What you return must match the entries exactly, except that the pictures are gone.

Collected data:
━━━━━━━━━━━━━━━━

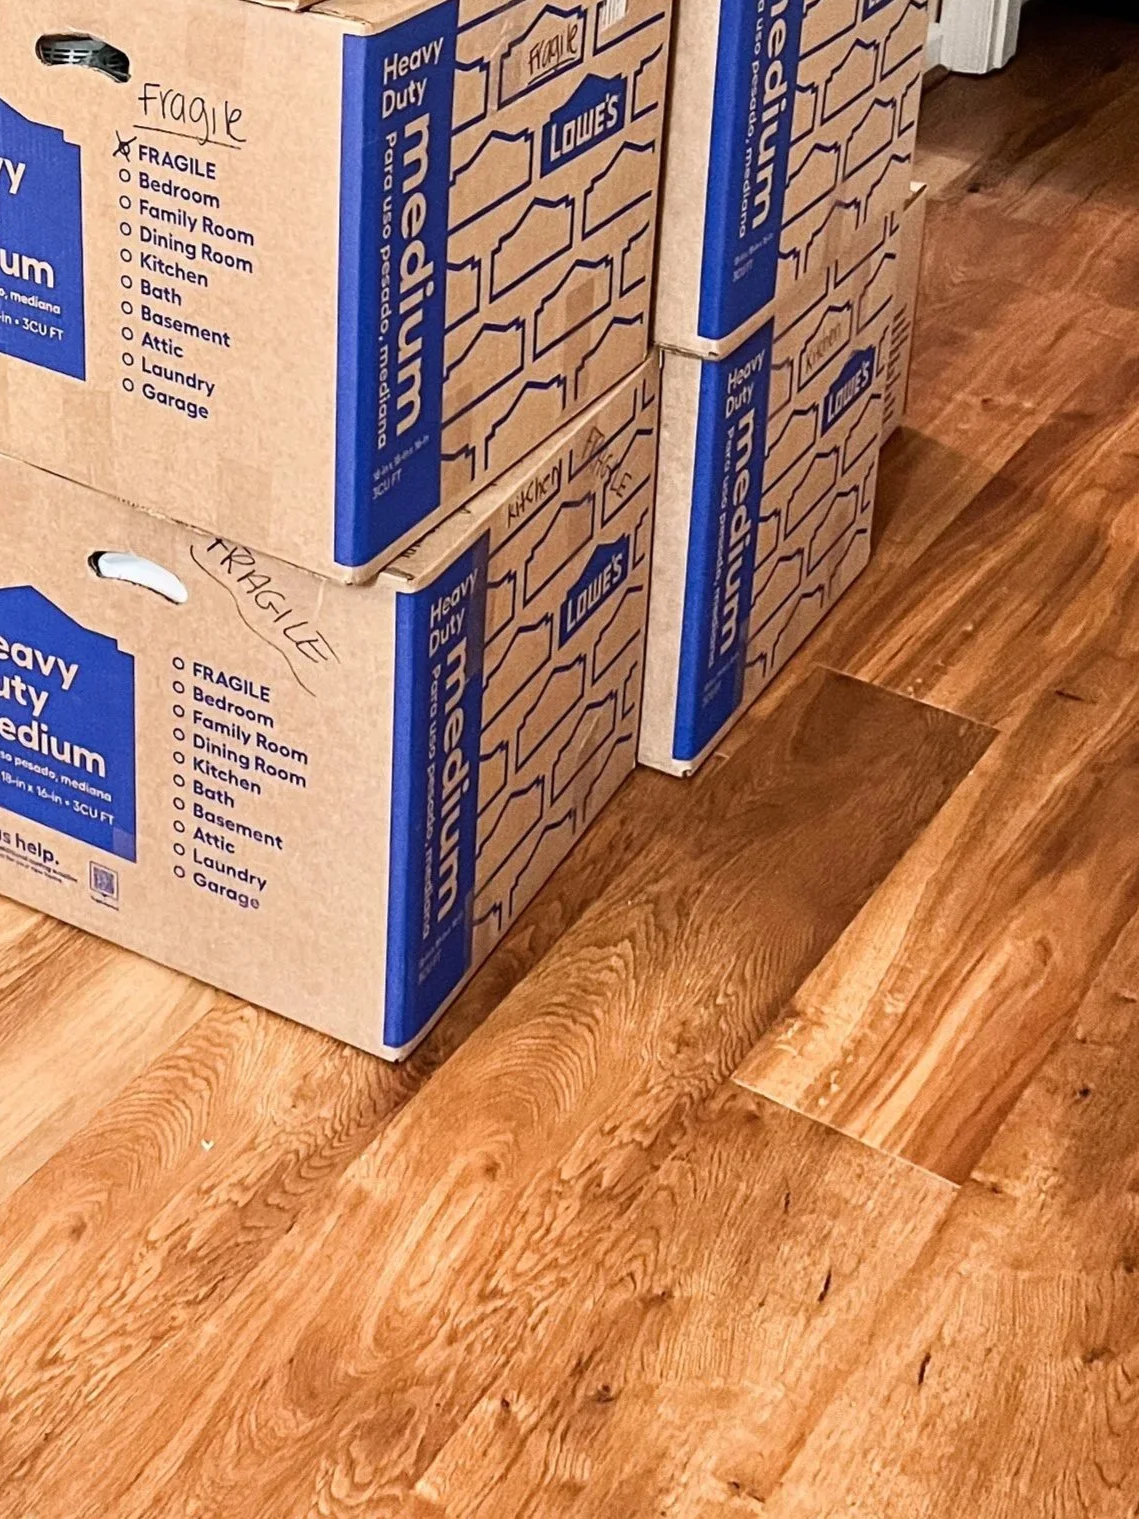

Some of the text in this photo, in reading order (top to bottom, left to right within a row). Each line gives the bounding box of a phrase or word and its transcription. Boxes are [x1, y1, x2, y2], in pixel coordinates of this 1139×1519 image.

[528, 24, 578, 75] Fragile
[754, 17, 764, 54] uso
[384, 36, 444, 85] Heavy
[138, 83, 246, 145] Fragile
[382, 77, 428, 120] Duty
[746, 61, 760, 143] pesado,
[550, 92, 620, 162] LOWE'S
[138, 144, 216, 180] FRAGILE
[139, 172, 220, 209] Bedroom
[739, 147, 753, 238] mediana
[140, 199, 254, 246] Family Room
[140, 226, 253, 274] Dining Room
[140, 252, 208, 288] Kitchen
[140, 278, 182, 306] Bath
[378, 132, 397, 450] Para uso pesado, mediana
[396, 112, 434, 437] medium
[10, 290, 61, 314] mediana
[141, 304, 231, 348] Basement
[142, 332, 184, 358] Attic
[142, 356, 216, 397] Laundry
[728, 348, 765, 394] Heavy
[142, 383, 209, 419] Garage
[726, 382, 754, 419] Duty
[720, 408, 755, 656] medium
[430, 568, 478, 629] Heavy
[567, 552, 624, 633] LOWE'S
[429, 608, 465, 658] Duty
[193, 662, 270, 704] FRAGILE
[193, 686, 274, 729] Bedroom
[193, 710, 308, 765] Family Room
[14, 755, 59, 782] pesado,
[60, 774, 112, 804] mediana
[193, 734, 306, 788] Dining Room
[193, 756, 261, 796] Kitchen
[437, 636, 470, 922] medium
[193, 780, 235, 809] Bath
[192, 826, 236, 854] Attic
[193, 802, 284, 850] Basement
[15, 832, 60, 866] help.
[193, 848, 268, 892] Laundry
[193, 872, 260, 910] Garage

━━━━━━━━━━━━━━━━

### Written response:
Some of the text in this photo, in reading order (top to bottom, left to right within a row). Each line gives the bounding box of a phrase or word and its transcription. Boxes are [x1, y1, x2, y2], in pixel coordinates of this 1139×1519 image.

[528, 24, 578, 75] Fragile
[754, 17, 764, 54] uso
[384, 36, 444, 85] Heavy
[138, 83, 246, 145] Fragile
[382, 77, 428, 120] Duty
[746, 61, 760, 143] pesado,
[550, 92, 620, 162] LOWE'S
[138, 144, 216, 180] FRAGILE
[139, 172, 220, 209] Bedroom
[739, 147, 753, 238] mediana
[140, 199, 254, 246] Family Room
[140, 226, 253, 274] Dining Room
[140, 252, 208, 288] Kitchen
[140, 278, 182, 306] Bath
[378, 132, 397, 450] Para uso pesado, mediana
[396, 112, 434, 437] medium
[10, 290, 61, 314] mediana
[141, 304, 231, 348] Basement
[142, 332, 184, 358] Attic
[142, 356, 216, 397] Laundry
[728, 348, 765, 394] Heavy
[142, 383, 209, 419] Garage
[726, 382, 754, 419] Duty
[720, 408, 755, 656] medium
[430, 568, 478, 629] Heavy
[567, 552, 624, 633] LOWE'S
[429, 608, 465, 658] Duty
[193, 662, 270, 704] FRAGILE
[193, 686, 274, 729] Bedroom
[193, 710, 308, 765] Family Room
[14, 755, 59, 782] pesado,
[60, 774, 112, 804] mediana
[193, 734, 306, 788] Dining Room
[193, 756, 261, 796] Kitchen
[437, 636, 470, 922] medium
[193, 780, 235, 809] Bath
[192, 826, 236, 854] Attic
[193, 802, 284, 850] Basement
[15, 832, 60, 866] help.
[193, 848, 268, 892] Laundry
[193, 872, 260, 910] Garage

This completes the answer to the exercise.